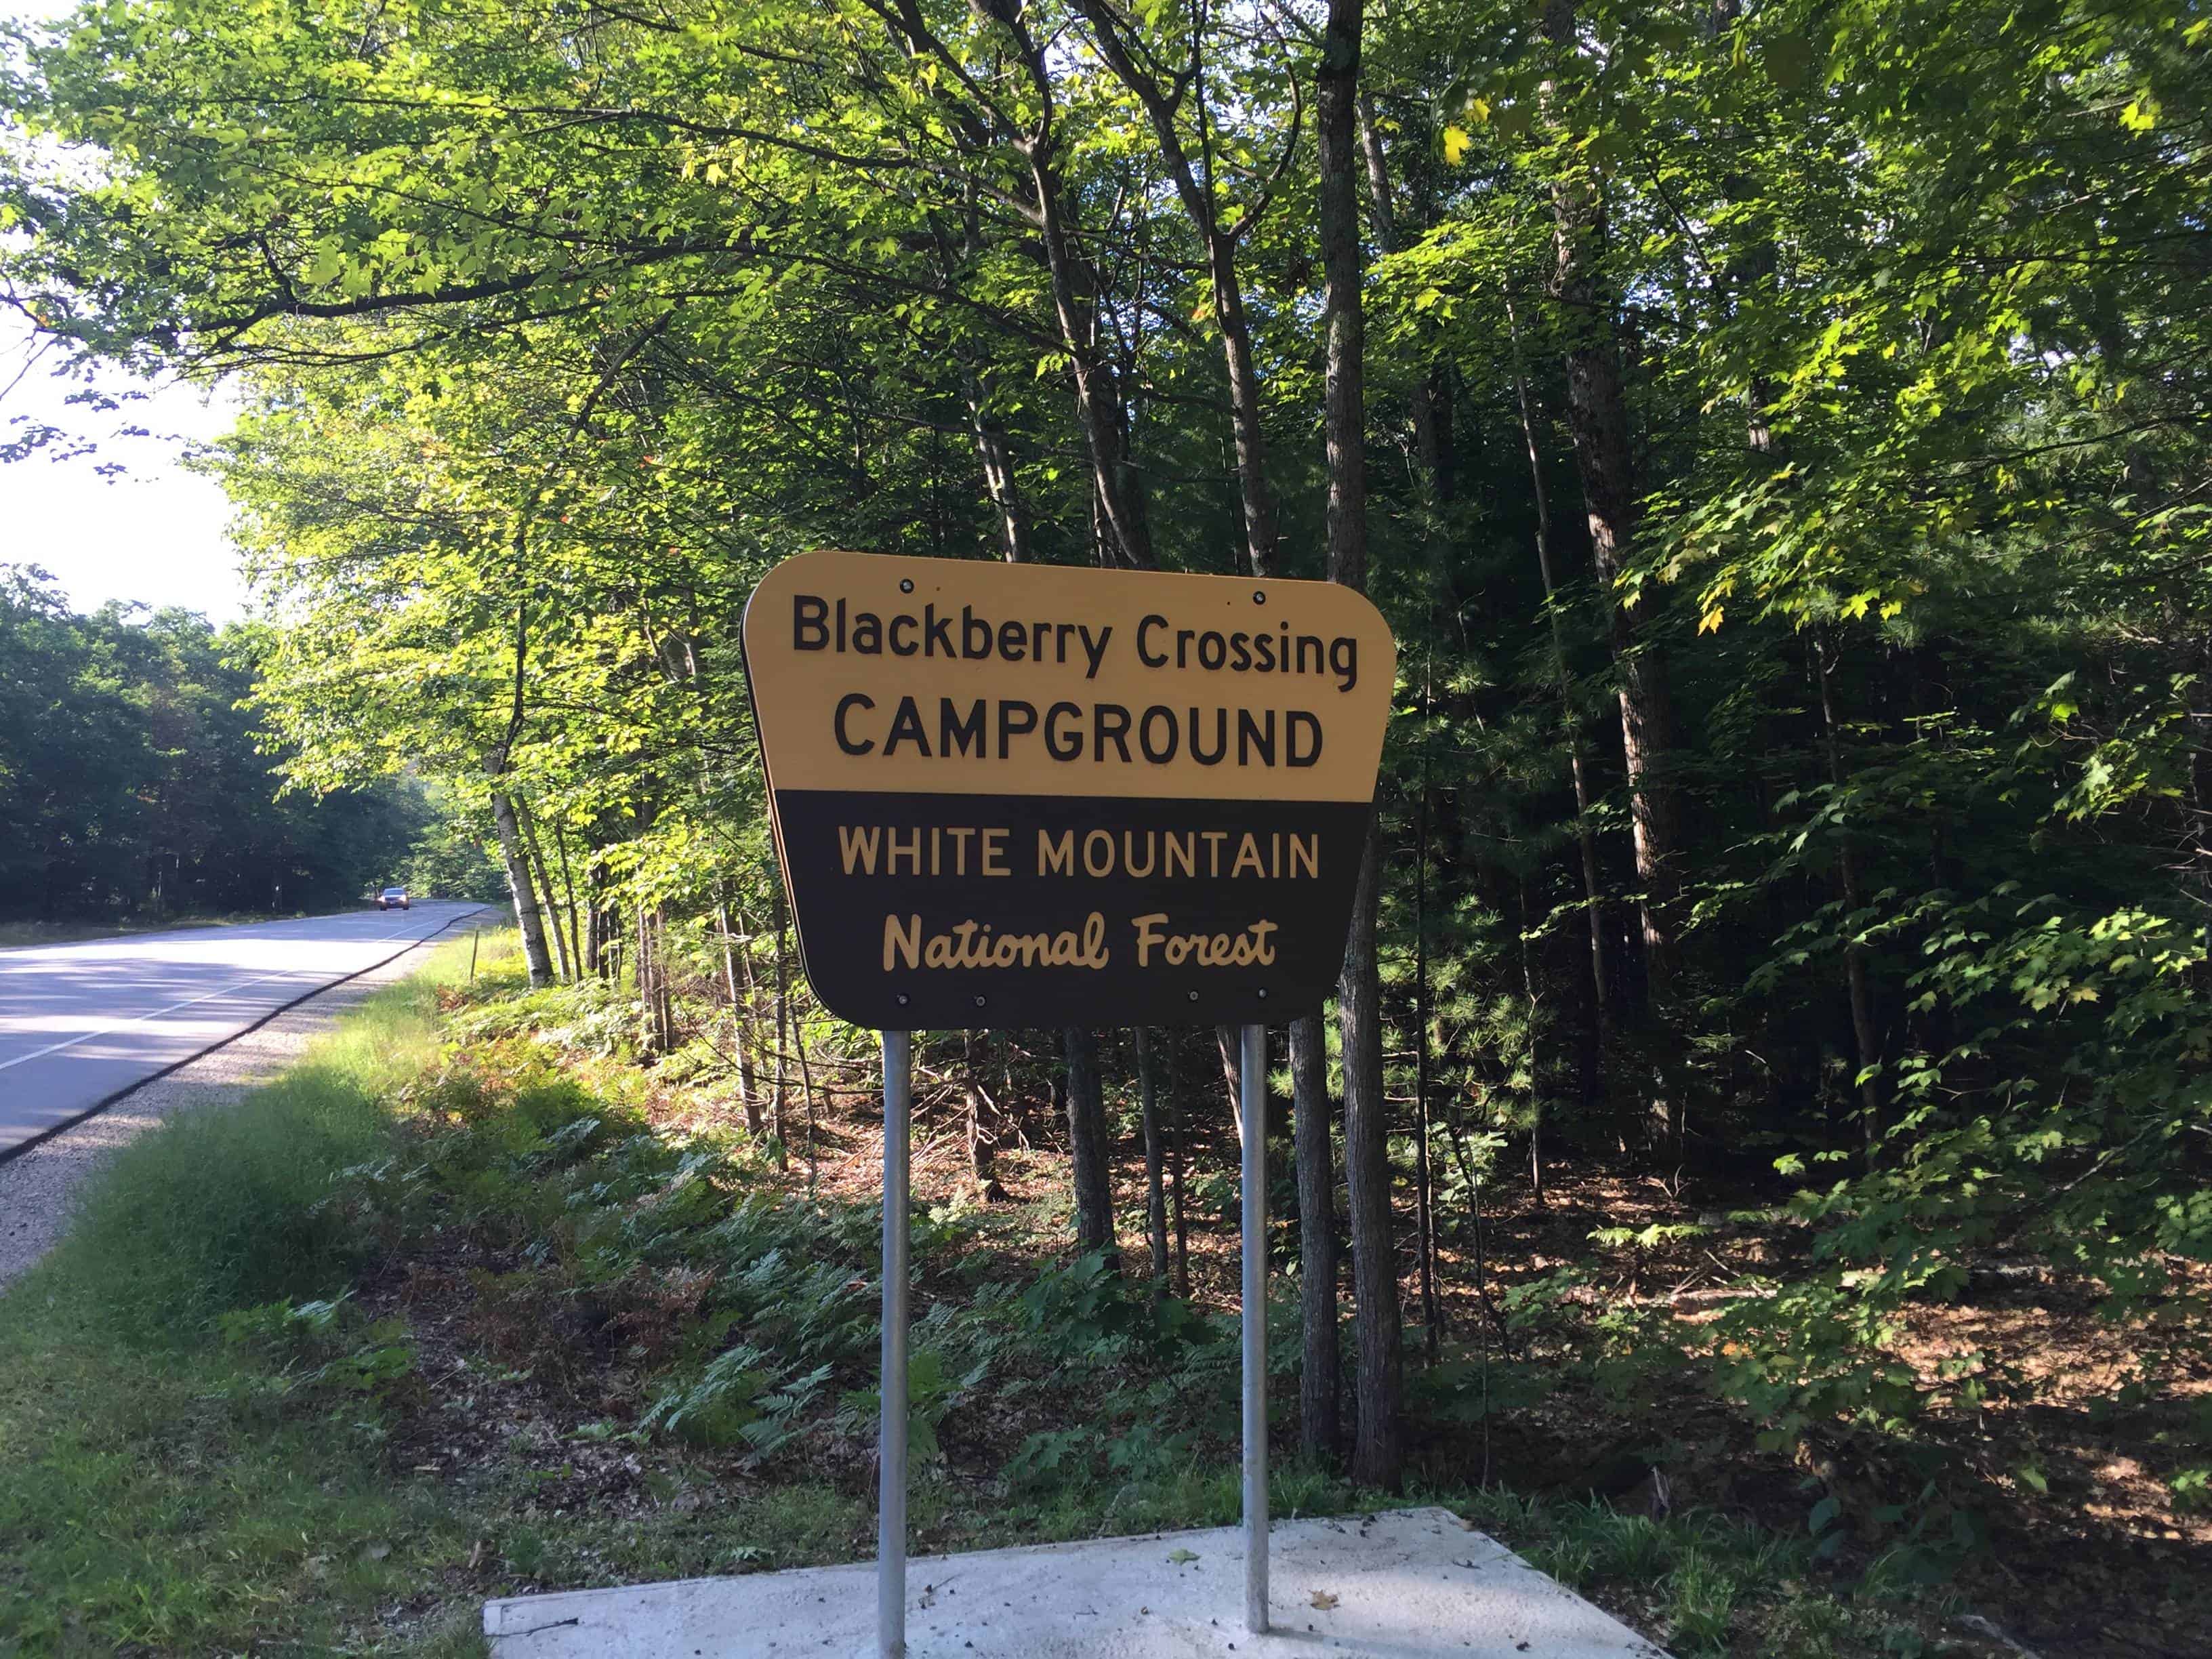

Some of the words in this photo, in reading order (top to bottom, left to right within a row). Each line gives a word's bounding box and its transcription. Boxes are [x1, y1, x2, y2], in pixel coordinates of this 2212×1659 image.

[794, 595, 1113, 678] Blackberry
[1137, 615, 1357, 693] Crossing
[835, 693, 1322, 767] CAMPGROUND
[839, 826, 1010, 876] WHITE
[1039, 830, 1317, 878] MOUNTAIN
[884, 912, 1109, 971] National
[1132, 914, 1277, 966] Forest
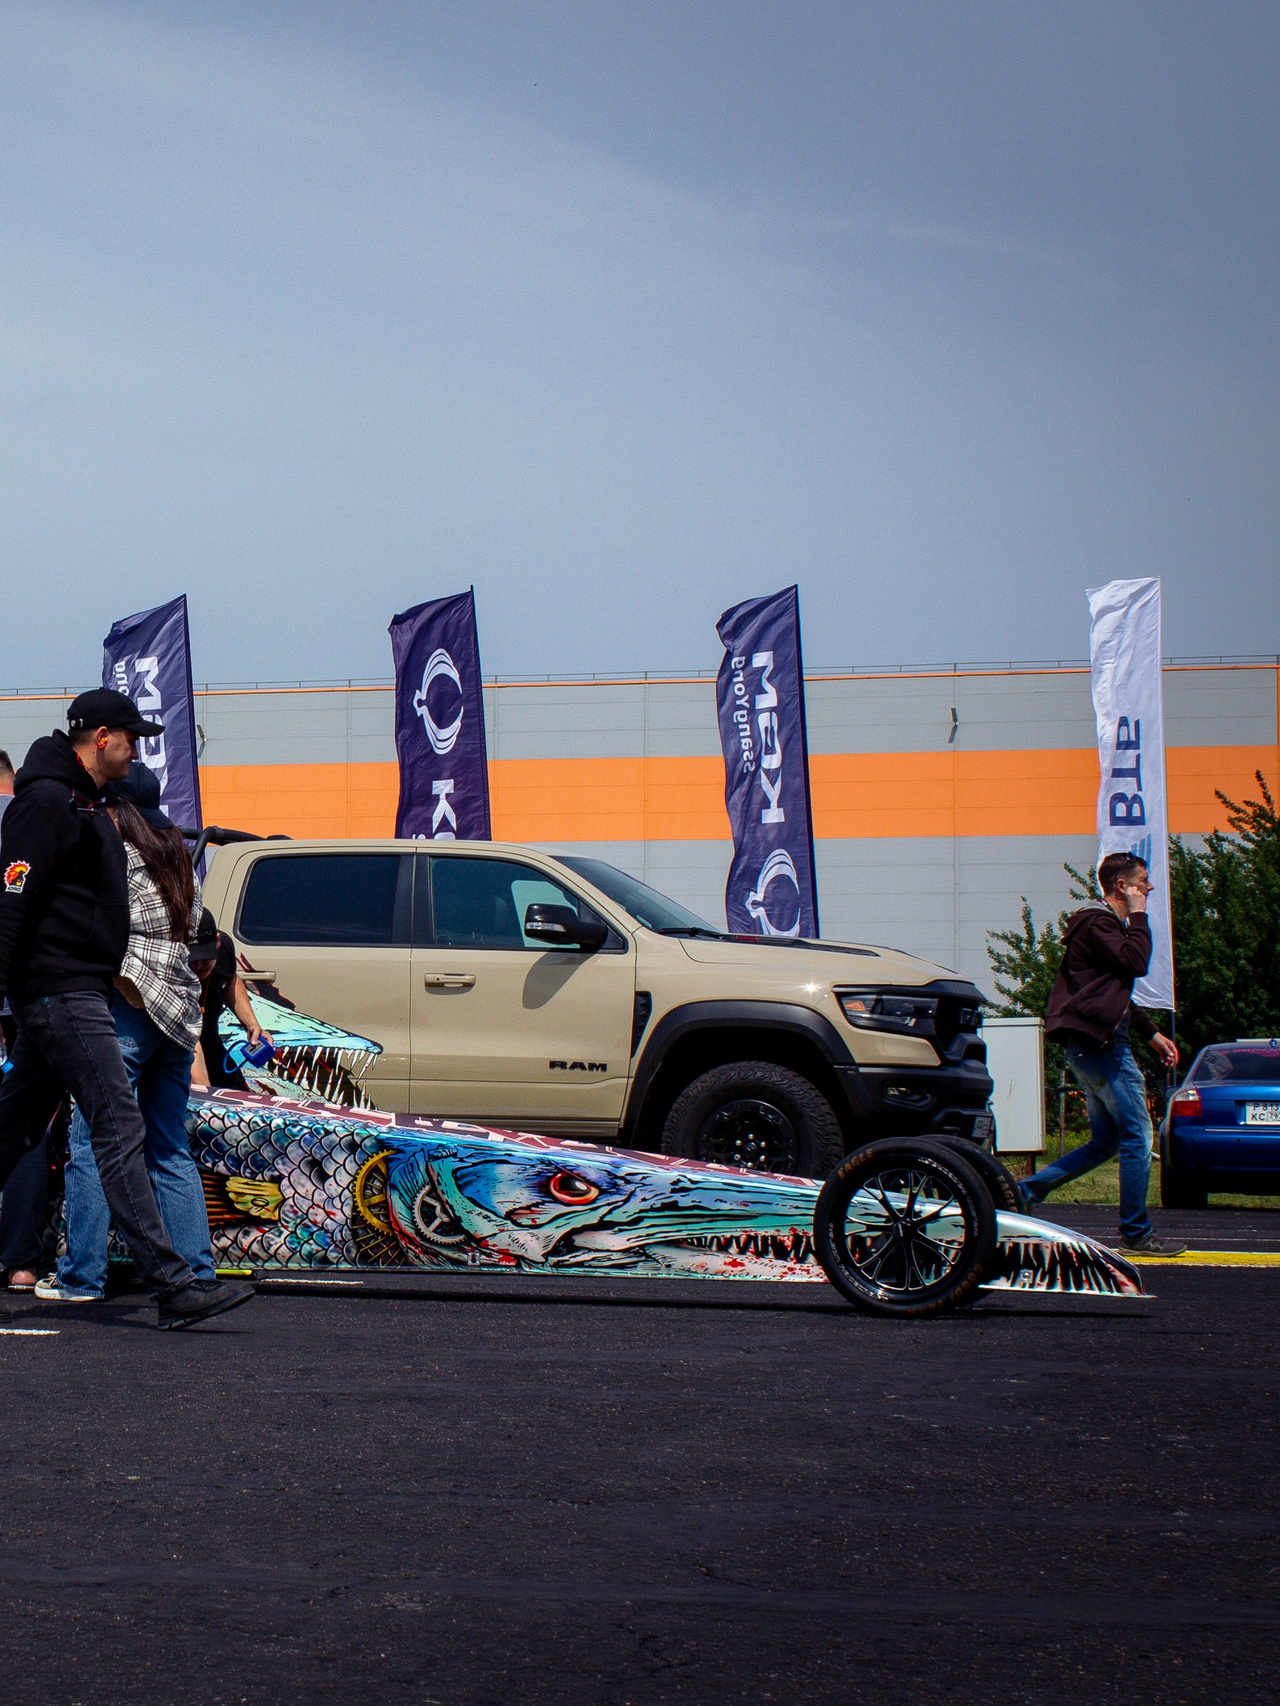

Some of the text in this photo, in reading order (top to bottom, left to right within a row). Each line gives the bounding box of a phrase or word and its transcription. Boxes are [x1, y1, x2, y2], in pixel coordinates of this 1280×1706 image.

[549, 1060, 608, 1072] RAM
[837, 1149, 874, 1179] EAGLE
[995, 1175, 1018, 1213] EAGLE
------------------------------------
## WORK INSTRUCTION
Copy each line of the listing exactly, skipping any picture.

## ANSWER FOR THIS EXERCISE
Some of the words in this photo, in reading order (top to bottom, left to right within a row). Each line gives a word's bounding box and its transcription. Boxes are [x1, y1, x2, y2], in pixel coordinates of this 2212×1659 image.

[794, 595, 1113, 678] Blackberry
[1137, 615, 1357, 693] Crossing
[835, 693, 1322, 767] CAMPGROUND
[839, 826, 1010, 876] WHITE
[1039, 830, 1317, 878] MOUNTAIN
[884, 912, 1109, 971] National
[1132, 914, 1277, 966] Forest

Some of the text in this photo, in reading order (top to bottom, left to right within a row). Each line gives the bounding box of a phrase or word and its transcription. Boxes are [x1, y1, x2, y2], in pixel coordinates of this 1280×1706 image.

[549, 1060, 608, 1072] RAM
[837, 1149, 874, 1179] EAGLE
[995, 1175, 1018, 1213] EAGLE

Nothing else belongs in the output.